==== Provided records

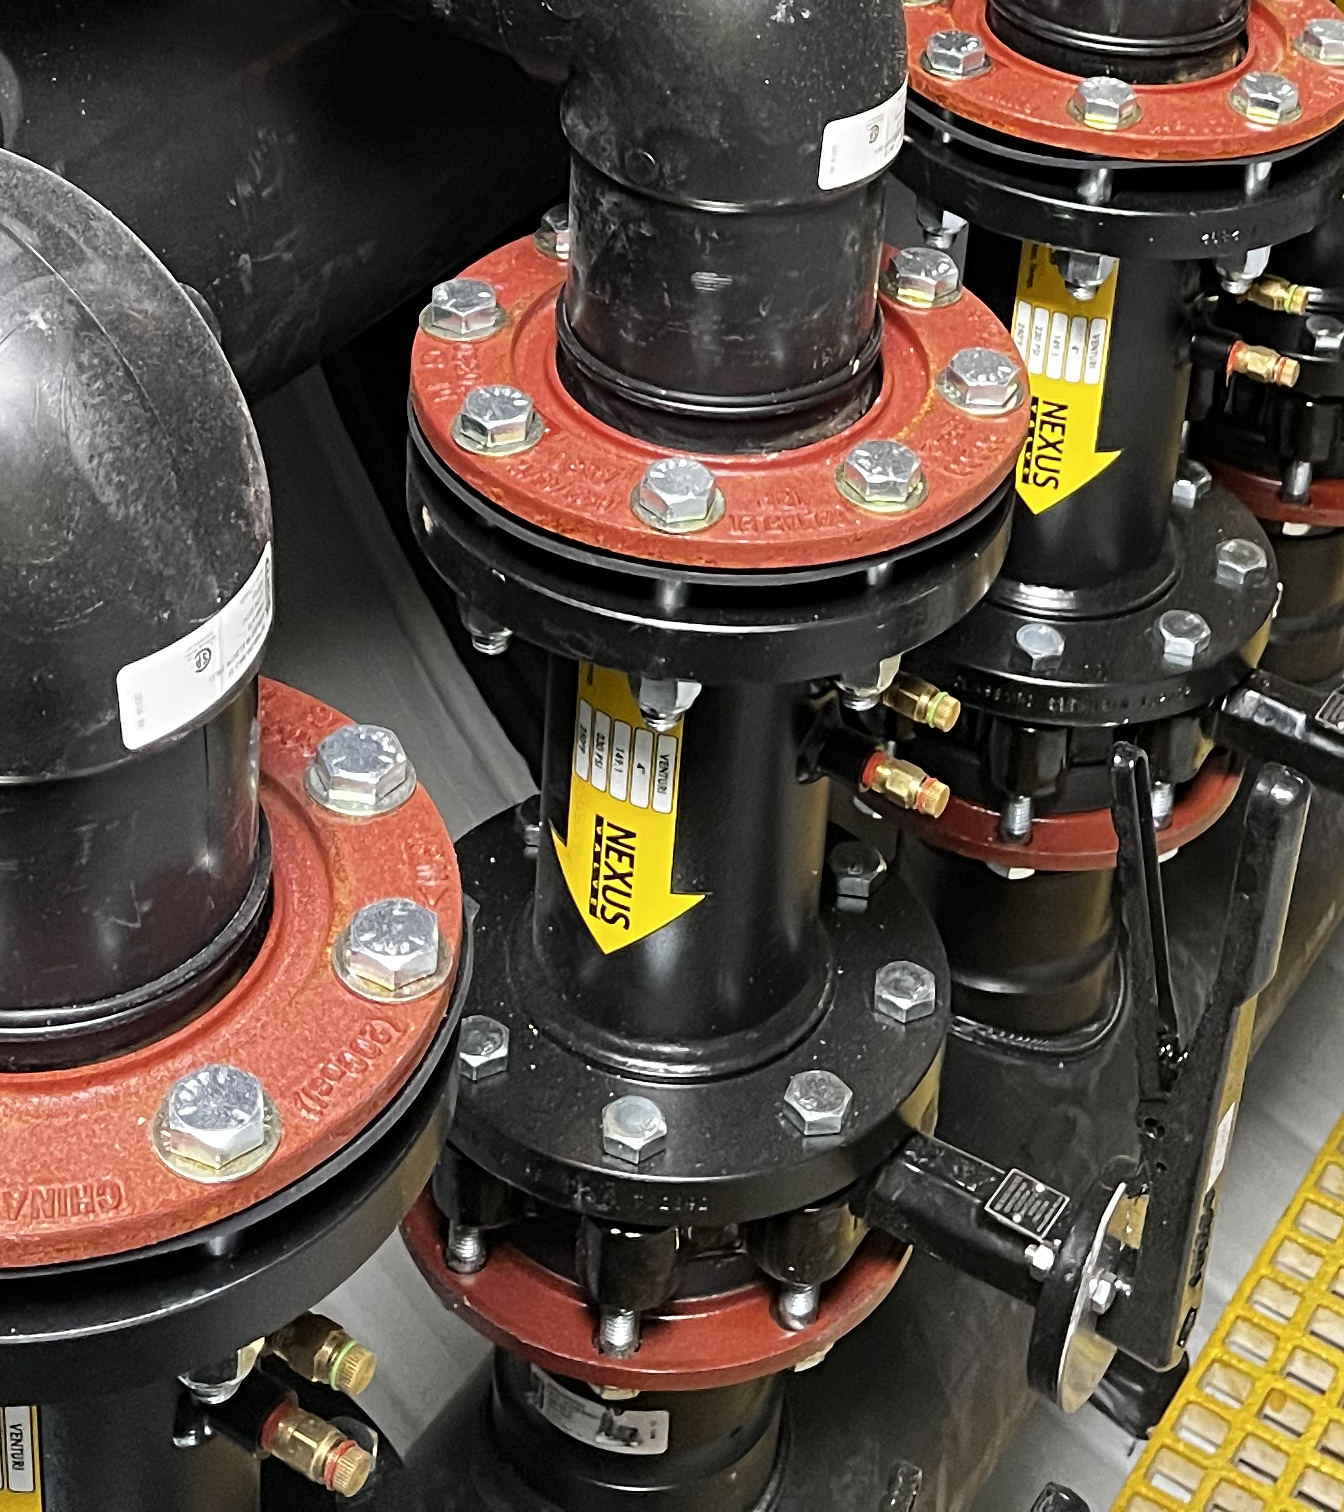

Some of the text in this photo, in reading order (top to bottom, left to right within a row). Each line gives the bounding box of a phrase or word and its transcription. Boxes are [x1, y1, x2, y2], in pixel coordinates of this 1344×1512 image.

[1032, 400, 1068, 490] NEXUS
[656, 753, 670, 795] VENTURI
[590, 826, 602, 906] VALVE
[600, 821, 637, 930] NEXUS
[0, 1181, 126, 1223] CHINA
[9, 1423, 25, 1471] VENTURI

========

Aim of the task:
Give the entries above again word for word, without any pictures.

Output:
Some of the text in this photo, in reading order (top to bottom, left to right within a row). Each line gives the bounding box of a phrase or word and its transcription. Boxes are [x1, y1, x2, y2], in pixel coordinates of this 1344×1512 image.

[1032, 400, 1068, 490] NEXUS
[656, 753, 670, 795] VENTURI
[590, 826, 602, 906] VALVE
[600, 821, 637, 930] NEXUS
[0, 1181, 126, 1223] CHINA
[9, 1423, 25, 1471] VENTURI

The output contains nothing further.